Jay Lake (jaylake) wrote,
Jay Lake
jaylake

[process] How I learned to start worrying and love the royalty statement

Books, books and more books. The Day Job bordered on the bizarre today. At lunch I went to the bank and deposited a handful of checks. Since one was actually a cheque, I had to go to the international exchange desk at my bank's downtown branch. Meanwhile I continue to contemplate the realities of the several long pieces I need to write Real Soon Now, and grod around in pointless speculation about Mainspring Powell's | Amazon ].

My little literary progeny will be an SFBC selection next month. Apparently it's destined for good things as a mass market paperback in Tor's spring line. More when that develops — the current news is that it's a May release. If I was already supposed to know that, it had escaped me heretofore.

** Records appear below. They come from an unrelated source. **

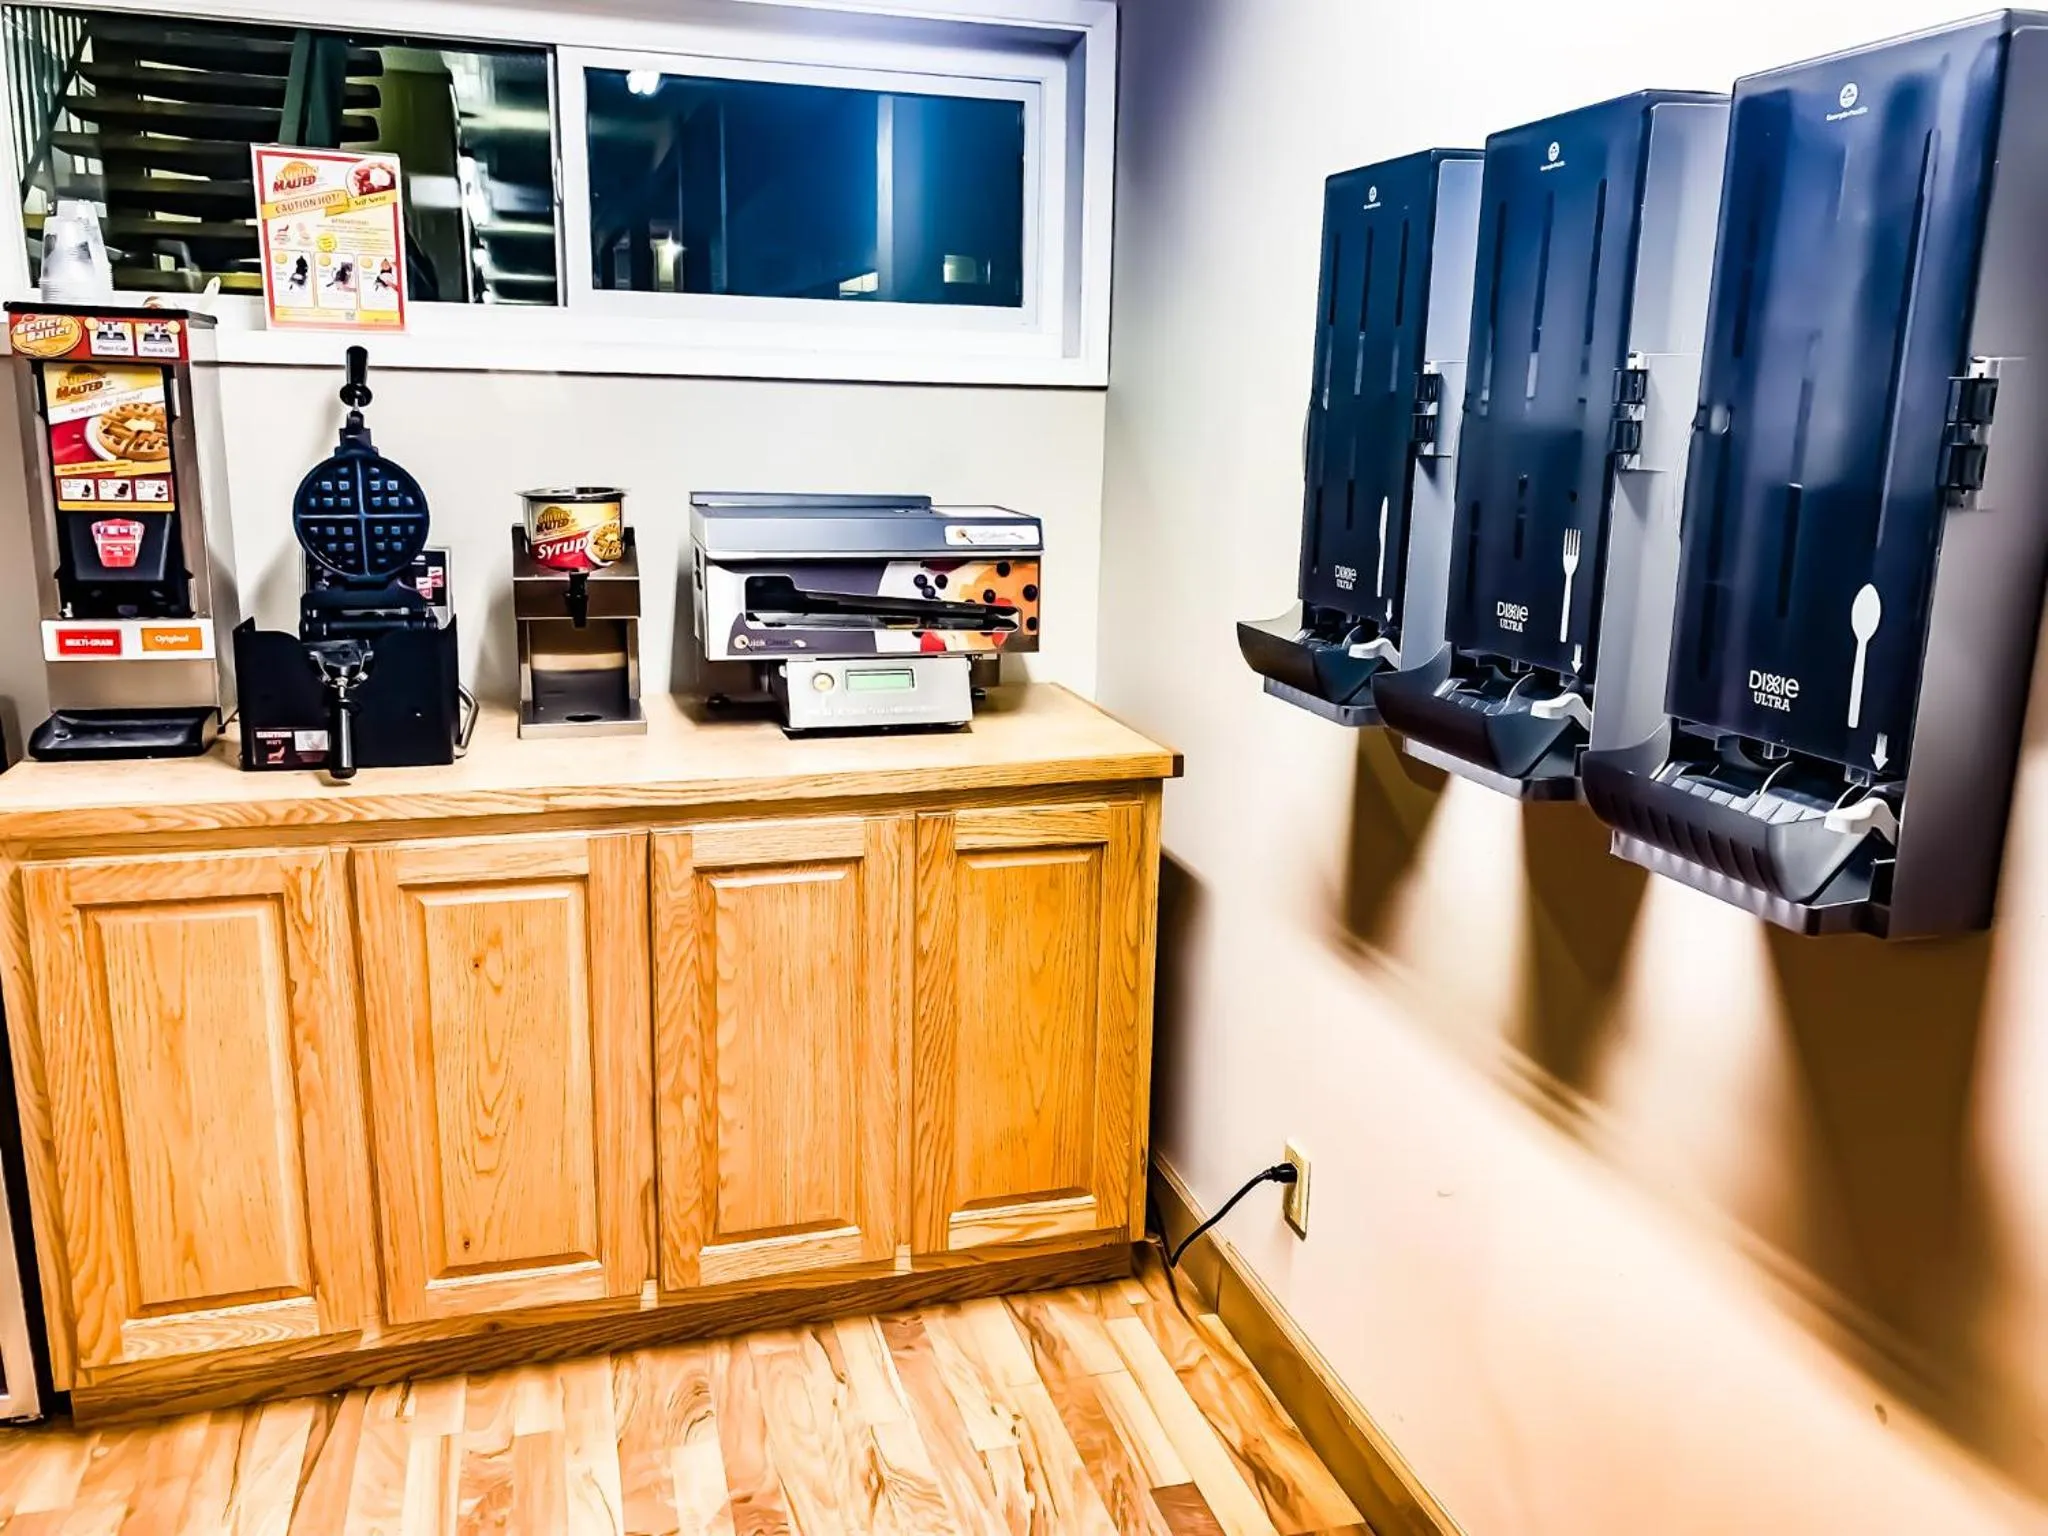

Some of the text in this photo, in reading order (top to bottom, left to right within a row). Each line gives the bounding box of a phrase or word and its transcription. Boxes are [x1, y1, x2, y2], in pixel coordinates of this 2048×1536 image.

[273, 175, 317, 192] MALTED
[275, 200, 316, 214] CAUTION
[56, 380, 104, 400] MALTED
[537, 536, 587, 560] Syrup
[1500, 617, 1523, 633] ULTRA
[65, 638, 114, 647] MULTI-GRAIN
[154, 634, 189, 645] Original
[1753, 691, 1790, 712] ULTRA
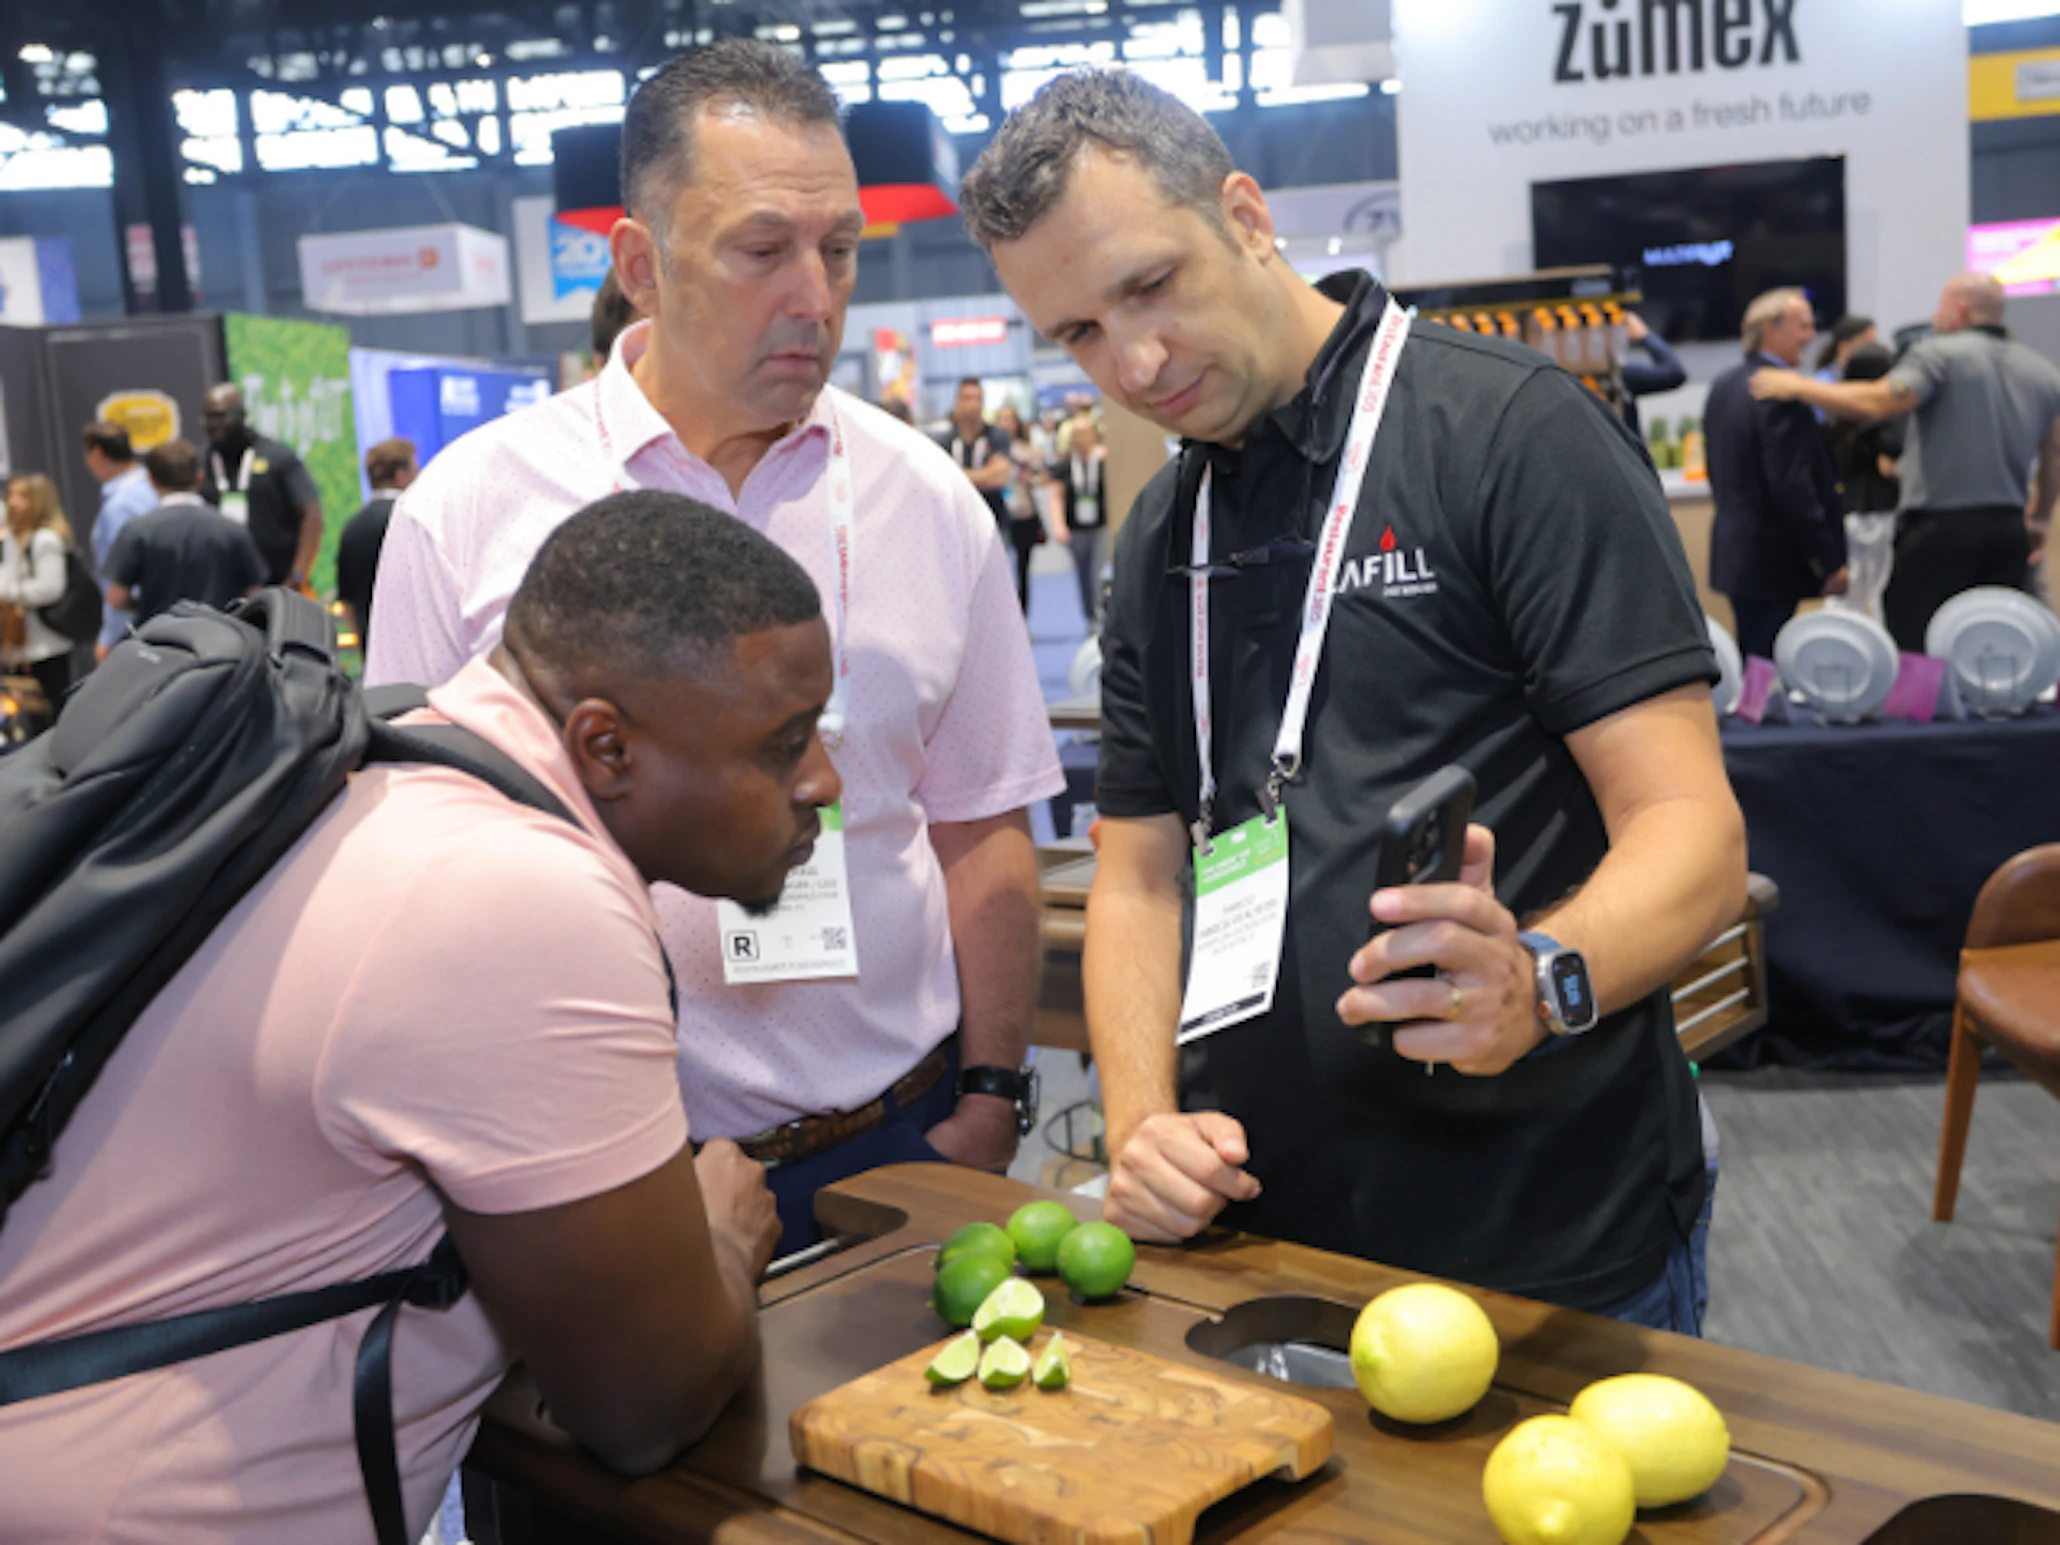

I'm quite of two minds on the whole worry-about-how-the-book-is-doing thing, per my earlier post here, and the various comments appended thereto. On the one hand, I recognize this sort of divination as little more than wishful thinking, given the absence of hard data prior to my royalty statement eventually emitting from the bowels of Tor. On the other hand, this is what I do for a living in my day job — extrapolate information from elusive data points. What is a sales projection, after all? It's as natural to me as breathing to do this kind of data rummaging. Events will eventuate as they do, and my calculations will be upset by reality, as they always are.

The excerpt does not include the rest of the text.